2.2 Conditions de qualification (diplôme) et d'éthique
Conditions cumulatives :
- Master en droit (ou diplôme équivalent FR/étranger) ;
- formation aux règles éthiques selon un référentiel à définir par arrêté conjoint des ministères de la Justice et de l'économie sur proposition d'une commission désignée et organisée par un décret à venir.
Tant que le référentiel/arrêté et le décret ne sont pas publiés, il faudra suivre la trajectoire d'entrée en vigueur (voir ci-dessous).
3) Qui peut être destinataire ? (dirigeant, organes, groupe) — et ce que cela signifie pour un juriste PI
La confidentialité n'existe que si la consultation est destinée exclusivement à une liste fermée de destinataires.
Destinataires autorisés
L'article 58-1, I, 3° (tel qu'inséré par la loi du 23 février 2026) encadre exclusivement ainsi les destinataires des consultations protégées.
| Catégorie légale | Lecture pratique en entreprise (dont PI) |
|---|---|
| a) Représentant légal, délégataire, ou organe de direction/administration/surveillance de l'entreprise employeuse | DG/CEO, Président, gérant, Directoire, CA, CS, + délégations écrites (DGD, secrétaire général...).

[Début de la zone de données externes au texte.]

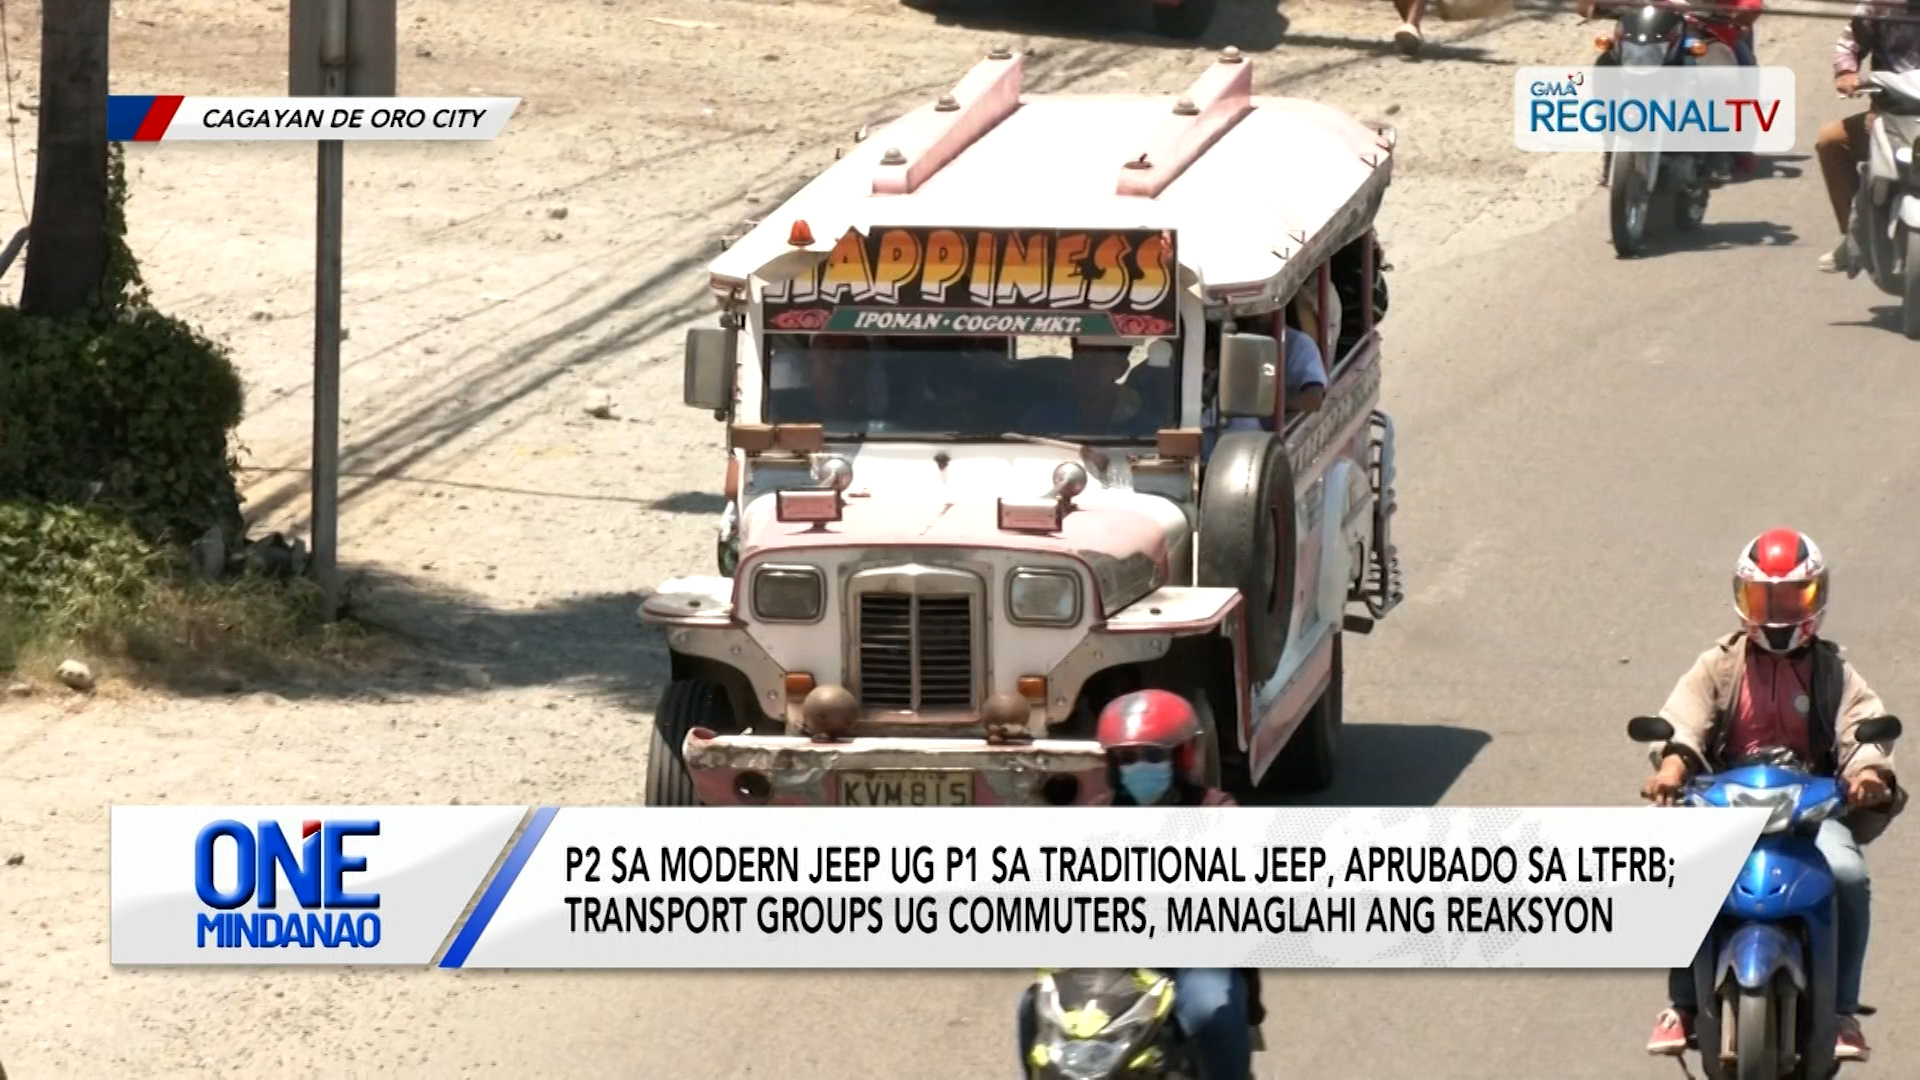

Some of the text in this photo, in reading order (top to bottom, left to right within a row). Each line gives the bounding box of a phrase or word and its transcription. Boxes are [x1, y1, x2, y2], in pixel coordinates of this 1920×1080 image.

Le « N+1 » du juriste rédacteur n'est pas automatiquement dedans : il faut qu'il soit délégataire ou membre d'un organe visé. En poussant encore plus loin, se poserait des questions de « géométrie » entre le périmètre de la délégation et le contenu de la consultation. |
| b) Entité rendant des avis à ces organes | Comités (audit, risques, conformité, éthique, comité PI rattaché au board, etc.) dès lors que leur rôle est de rendre des avis aux organes visés. C'est donc à la fois un élargissement des destinataires et une prévision du contexte à intégrer dès la rédaction de la consultation. |
| c) Organes de la société contrôlante (L.233-3 C. com.) | Holding/maison mère : board/management de la société qui contrôle l'employeur. Cette disposition présente une grande utilité pour les remontées PI au sein des groupes. |
| d) Organes des filiales contrôlées par l'employeur | Descente d'instructions/avis PI vers filiales contrôlées. |
Pour les groupes : la loi vise explicitement des flux holding ↔ filiales via le critère de contrôle au sens L.233-3 C. com. C'est-à-dire que ce n'est pas « toute entité du groupe » mais, le fil se structure par le contrôle.
4) Qu'est-ce qu'une "consultation juridique" au sens du texte ? (Question très importante en PI)
La consultation doit être une prestation intellectuelle personnalisée tendant à fournir un avis ou un conseil fondé sur l'application d'une règle de droit.
Comment intégrer les problématiques de PI dans cette définition de la consultation juridique :
- Oui : analyse de validité de brevet / risque de contrefaçon / stratégie de marque / avis sur titularité, inventeurs, licences, clauses de garantie, FTO (freedom-to-operate) si formulé comme avis juridique fondé sur le droit.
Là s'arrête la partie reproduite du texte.